But on current HW, memory reordering between threads is impossible in that case. Out-of-order execution of code on the same core gives the illusion of everything happening in program order. To get memory reordering between threads, they need to be running on different cores.
So we'd need a design that coupled together speculation between two logical cores. Nobody does that because it means more state needs to rollback if a mispredict is detected. But it is hypothetically possible. For example an OoO SMT core that allows store-forwarding between its logical cores even before they've retired from the out-of-order core (i.e. become non-speculative).
PowerPC allows store-forwarding between logical cores for retired stores, meaning that threads can disagree about the global order of stores. But waiting until they "graduate" (i.e. retire) and become non-speculative means it doesn't tie together speculation on separate logical cores. So when one is recovering from a branch miss, the others can keep the back-end busy. If they all had to rollback on a mispredict on any logical core, that would defeat a significant part of the benefit of SMT.
I thought for a while I'd found an ordering that lead to this on single core of a real weakly-ordered CPUs (with user-space context switching between the threads), but the final step store can't forward to the first step load because this is program order and OoO exec preserves that.

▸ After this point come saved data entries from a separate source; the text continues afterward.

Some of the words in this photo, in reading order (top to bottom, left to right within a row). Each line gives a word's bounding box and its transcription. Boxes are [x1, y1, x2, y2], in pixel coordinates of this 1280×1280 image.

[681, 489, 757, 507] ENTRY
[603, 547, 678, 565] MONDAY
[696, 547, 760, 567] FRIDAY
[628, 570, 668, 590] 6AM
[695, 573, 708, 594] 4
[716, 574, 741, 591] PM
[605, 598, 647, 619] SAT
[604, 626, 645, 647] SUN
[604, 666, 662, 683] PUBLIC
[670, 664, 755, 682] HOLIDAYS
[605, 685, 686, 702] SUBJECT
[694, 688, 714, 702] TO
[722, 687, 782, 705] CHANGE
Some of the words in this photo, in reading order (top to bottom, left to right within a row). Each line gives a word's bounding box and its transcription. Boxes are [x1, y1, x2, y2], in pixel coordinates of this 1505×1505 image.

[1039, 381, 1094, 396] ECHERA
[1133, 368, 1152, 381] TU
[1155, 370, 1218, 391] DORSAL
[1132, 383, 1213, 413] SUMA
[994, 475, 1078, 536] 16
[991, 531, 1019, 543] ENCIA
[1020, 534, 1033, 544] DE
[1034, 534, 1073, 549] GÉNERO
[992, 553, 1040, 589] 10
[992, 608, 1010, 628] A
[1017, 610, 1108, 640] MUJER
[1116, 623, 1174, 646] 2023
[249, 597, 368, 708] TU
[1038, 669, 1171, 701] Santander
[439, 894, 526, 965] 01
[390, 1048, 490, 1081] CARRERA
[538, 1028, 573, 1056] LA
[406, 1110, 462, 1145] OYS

T2: r2 = y; stalls (e.g. cache miss)
T2: branch prediction predicts that r2 == 42 will be true. ( x = 42 should run.
T2: x = 42 runs. (Still speculative; r2 = yhasn't obtained a value yet so ther2 == 42` compare/branch is still waiting to confirm that speculation).
a context switch to Thread 1 happens without rolling back the CPU to retirement state or otherwise waiting for speculation to be confirmed as good or detected as mis-speculation.
This part won't happen on real C++ implementations unless they use an M:N thread model, not the more common 1:1 C++ thread to OS thread. Real CPUs don't rename the privilege level: they don't take interrupts or otherwise enter the kernel with speculative instructions in flight that might need to rollback and redo entering kernel mode from a different architectural state.
T1: r1 = x; takes its value from the speculative x = 42 store
T1: r1 == 42 is found to be true. (Branch speculation happens here, too, not actually waiting for store-forwarding to complete. But along this path of execution, where the x = 42 did happen, this branch condition will execute and confirm the prediction).
T1: y = 42 runs.
this was all on the same CPU core so this y=42 store is after the r2=y load in program-order; it can't give that load a 42 to let the r2==42 speculation be confirmed. So this possible ordering doesn't demonstrate this in action after all. This is why threads have to be running on separate cores with inter-thread speculation for effects like this to be possible.
Note that x = 42 doesn't have a data dependency on r2 so value-prediction isn't required to make this happen. And the y=r1 is inside an if(r1 == 42) anyway so the compiler can optimize to y=42 if it wants, breaking the data dependency in the other thread and making things symmetric.
Note that the arguments about Green Threads or other context switch on a single core isn't actually relevant: we need separate cores for the memory reordering.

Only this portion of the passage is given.